A verbatim copy of the listing is what is needed, minus any pictures.

#####

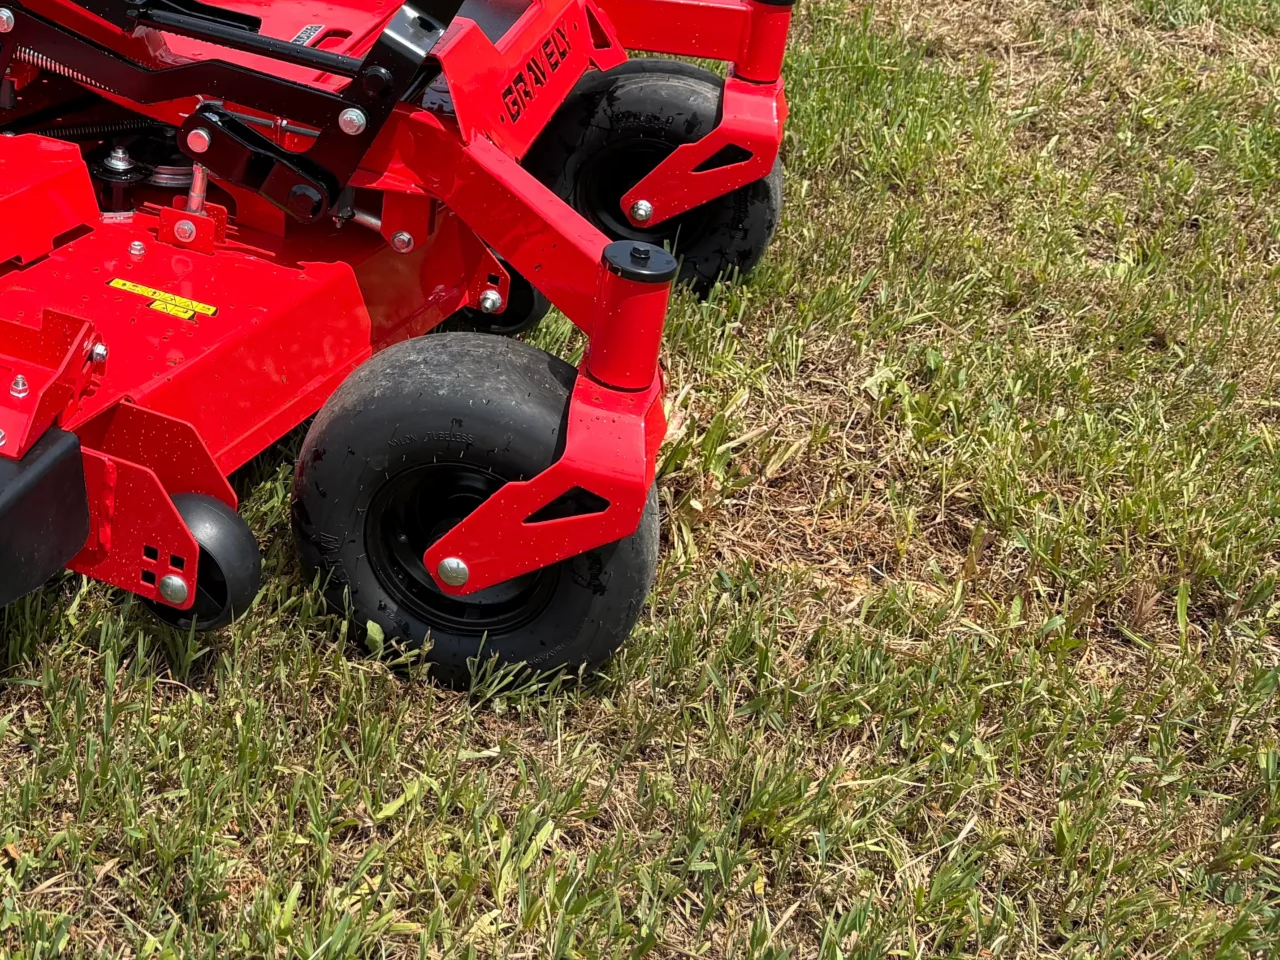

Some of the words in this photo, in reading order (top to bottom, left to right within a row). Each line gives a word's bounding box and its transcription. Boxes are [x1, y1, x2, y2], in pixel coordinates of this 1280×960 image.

[502, 19, 573, 124] GRAVELY
[387, 433, 418, 449] NYLON
[424, 431, 475, 445] TUBELESS
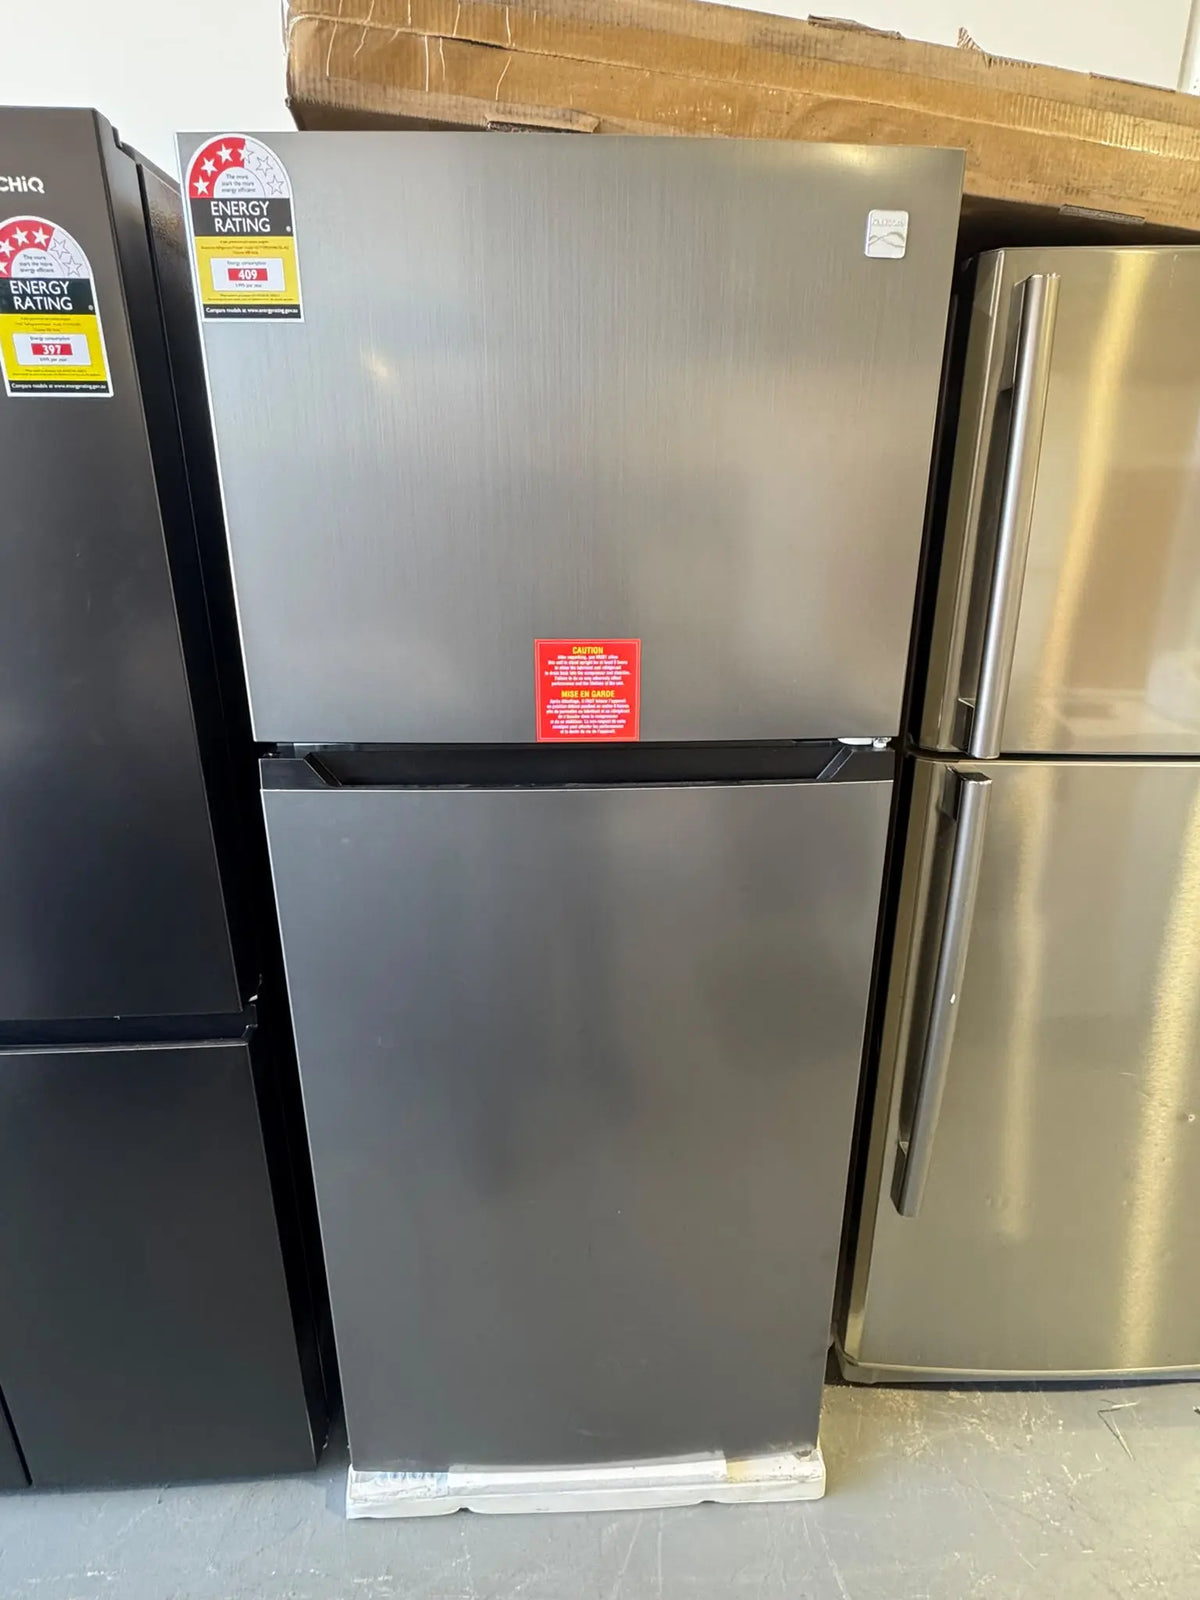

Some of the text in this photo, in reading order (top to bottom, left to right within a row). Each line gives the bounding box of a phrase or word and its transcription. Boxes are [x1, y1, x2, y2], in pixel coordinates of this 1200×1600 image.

[210, 201, 270, 216] ENERGY
[214, 218, 271, 233] RATING
[238, 269, 258, 280] 409
[9, 280, 69, 295] ENERGY
[13, 296, 73, 310] RATING
[42, 344, 62, 355] 397
[572, 646, 604, 655] CAUTION
[561, 690, 615, 698] MISE EN GARDE
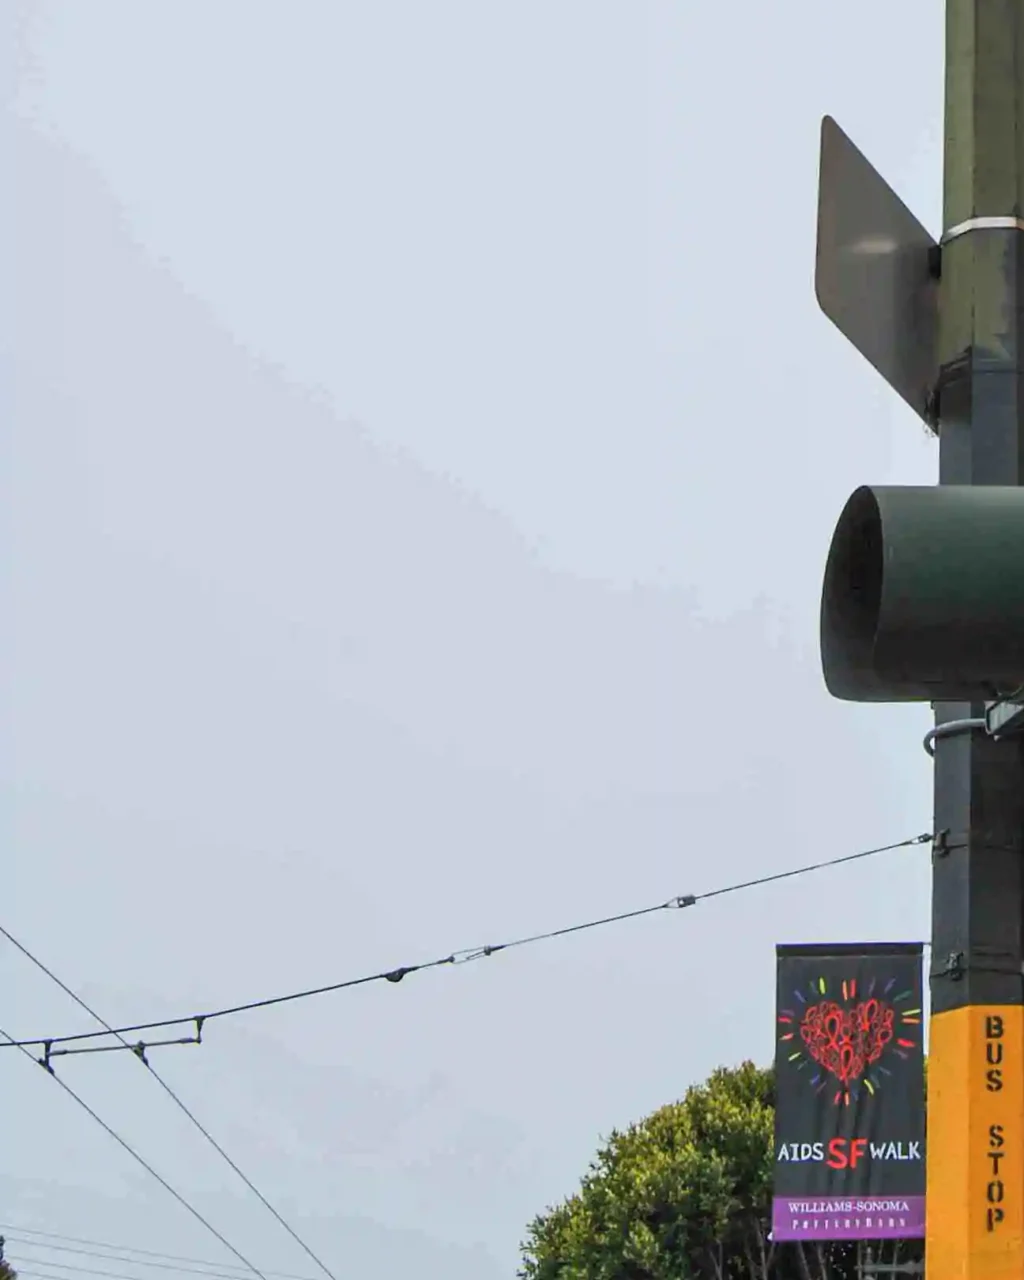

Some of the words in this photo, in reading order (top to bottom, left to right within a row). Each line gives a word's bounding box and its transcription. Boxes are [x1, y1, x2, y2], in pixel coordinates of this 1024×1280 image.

[984, 1015, 1004, 1092] BUS
[777, 1142, 824, 1161] AIDS
[826, 1137, 868, 1169] SF
[870, 1141, 921, 1160] WALK
[986, 1124, 1005, 1232] STOP
[788, 1201, 910, 1214] WILLIAMS-SONOMA

#####

**Response box**
Some of the words in this photo, in reading order (top to bottom, left to right within a row). Each line gives a word's bounding box and its transcription. Boxes are [x1, y1, x2, y2], in pixel coordinates of this 1280×960 image.

[502, 19, 573, 124] GRAVELY
[387, 433, 418, 449] NYLON
[424, 431, 475, 445] TUBELESS

Some of the text in this photo, in reading order (top to bottom, left to right within a row). Each line gives the bounding box of a phrase or word and its transcription. Boxes are [x1, y1, x2, y2], in pixel coordinates of this 1200×1600 image.

[210, 201, 270, 216] ENERGY
[214, 218, 271, 233] RATING
[238, 269, 258, 280] 409
[9, 280, 69, 295] ENERGY
[13, 296, 73, 310] RATING
[42, 344, 62, 355] 397
[572, 646, 604, 655] CAUTION
[561, 690, 615, 698] MISE EN GARDE

Some of the words in this photo, in reading order (top to bottom, left to right within a row). Each line gives a word's bounding box and its transcription. Boxes are [x1, y1, x2, y2], in pixel coordinates of this 1024×1280 image.

[984, 1015, 1004, 1092] BUS
[777, 1142, 824, 1161] AIDS
[826, 1137, 868, 1169] SF
[870, 1141, 921, 1160] WALK
[986, 1124, 1005, 1232] STOP
[788, 1201, 910, 1214] WILLIAMS-SONOMA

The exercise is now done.